“第四個問題,你的幸運字母是多少?”呂辭聲音低沉而有力的問出了這個問題。

“啊?”徐稚雅一時間還未反應過來,忽然她發現呂辭的目光正落在自己的胸脯上...

字...字母?

“!!!”徐稚雅的小臉騰的一下漲得通紅,她將手中酒杯憤憤砸在了吧台桌上,彩色的酒液濺了她滿手。

“這個問題是隱私,我不能回答!”她斷然拒絕了這個無禮的問題。

果然,憑本事掙到的機會被他憑本事送掉了。

看到徐稚雅嚴正拒絕,呂辭也隻能無奈地搖搖頭,假裝失望歎氣:“唉~不過我猜應該至少A+吧,不錯的成績了!”

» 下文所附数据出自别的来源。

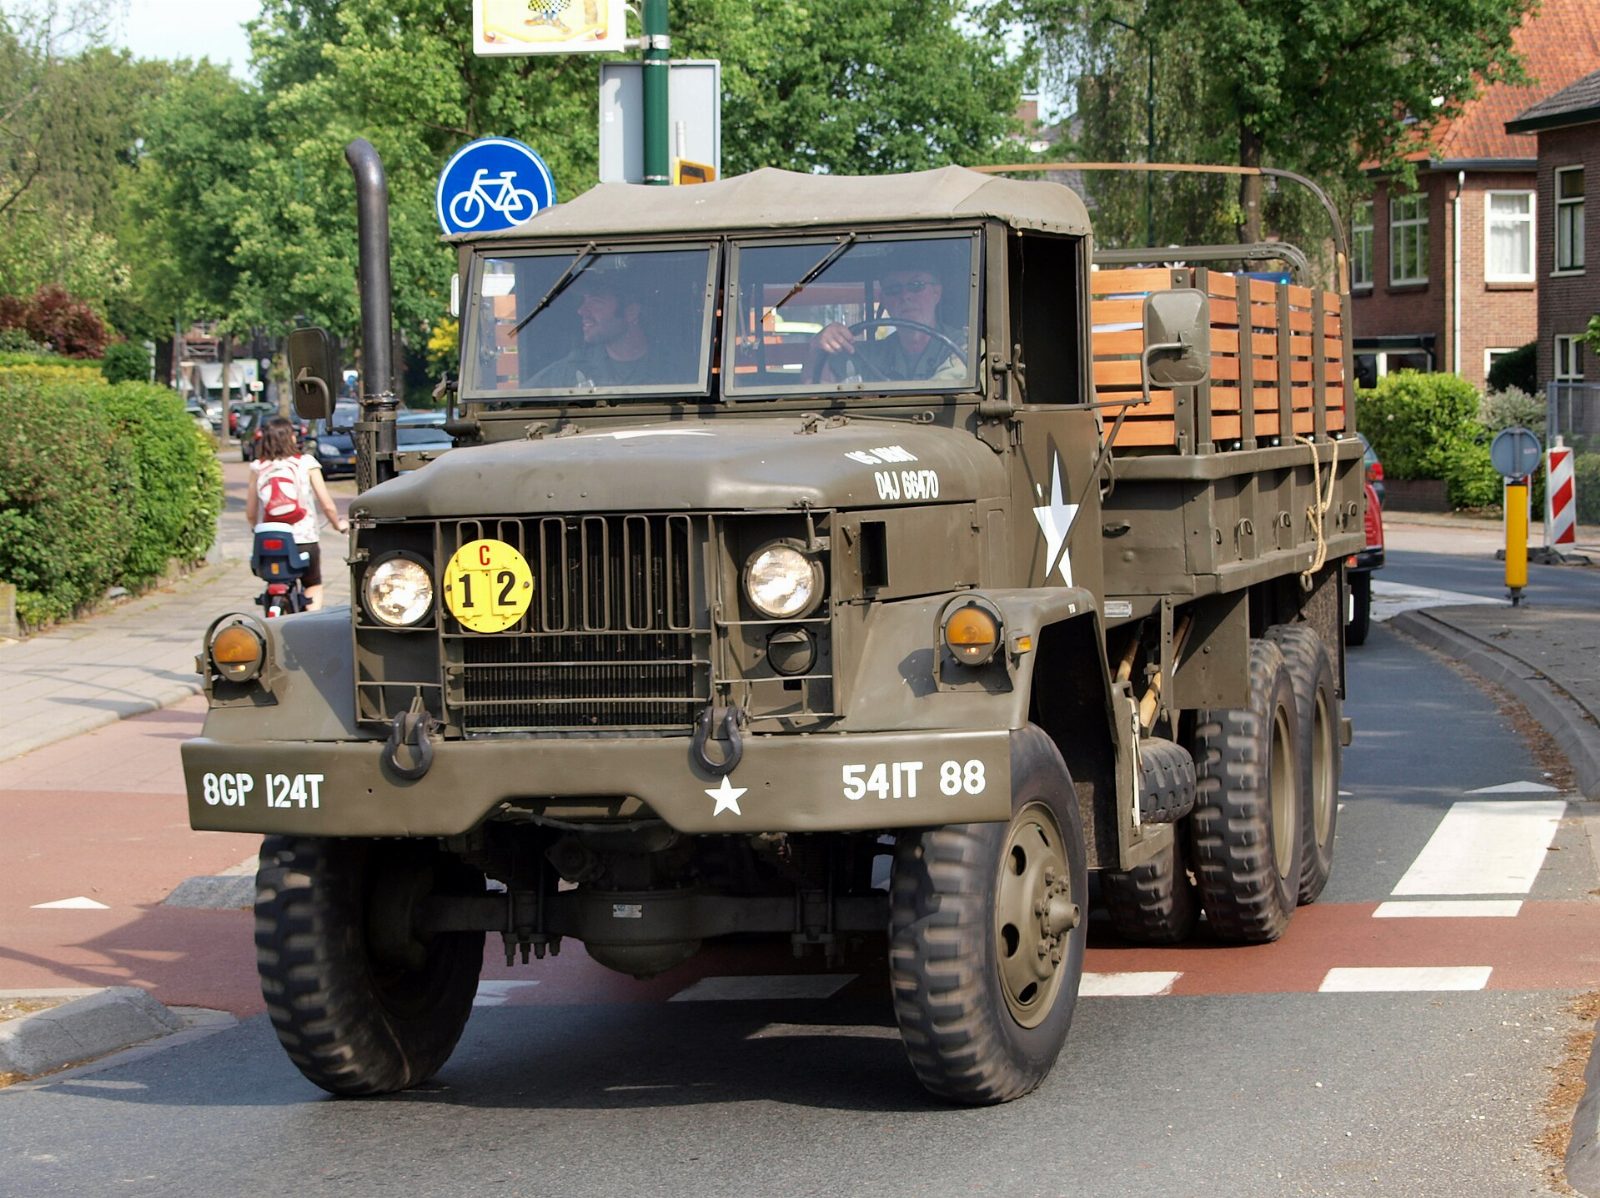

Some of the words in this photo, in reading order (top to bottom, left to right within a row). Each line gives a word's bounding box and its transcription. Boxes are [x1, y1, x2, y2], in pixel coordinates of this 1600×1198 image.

[479, 545, 490, 566] C
[202, 772, 254, 807] 8GP
[939, 759, 986, 796] 88

徐稚雅豎起耳朵,完全聽到了呂辭的咕噥低語,更是又羞又憤,隻不過憤怒已經衝上頭頂。

“啪!”她一拍桌子站立起身,狠狠一挺腰枝,直接崩飛了兩顆襯衫紐扣!

“一派胡言!老娘可是比你說的多出整整三個量級!”

呂辭掩嘴一笑,又一次套路成功,而D+這個數據也被他記在了小本本上。

憑本事送掉的機會,還會憑本事再賺回來!

徐稚雅雙手攏了攏分開的襯衫,起身氣鼓鼓地走向臥室的區域,隨著她靠近床鋪,車廂天花板上憑空垂下了許多灰綠色的藤蔓,如瀑布一般直瀉在地。而這些密集的藤蔓,也是形成了天然的屏風,將徐稚雅和外麵的呂辭分隔開來。

呂辭知道對方正在更衣,他心跳砰砰加速-

想看,但是不敢!

“話說,我現在成為了乘務員,接下來我就要像花蓮一樣挨個車廂的查票麼?”

呂辭拉高了嗓音,確保簾幕那頭的徐稚雅能夠聽見。

簾幕另一邊很快傳來了徐稚雅的回應:“暫時不用了!現在列車出了問題,屬於緊急情況,如果不能解決,我們都會有麻煩的!”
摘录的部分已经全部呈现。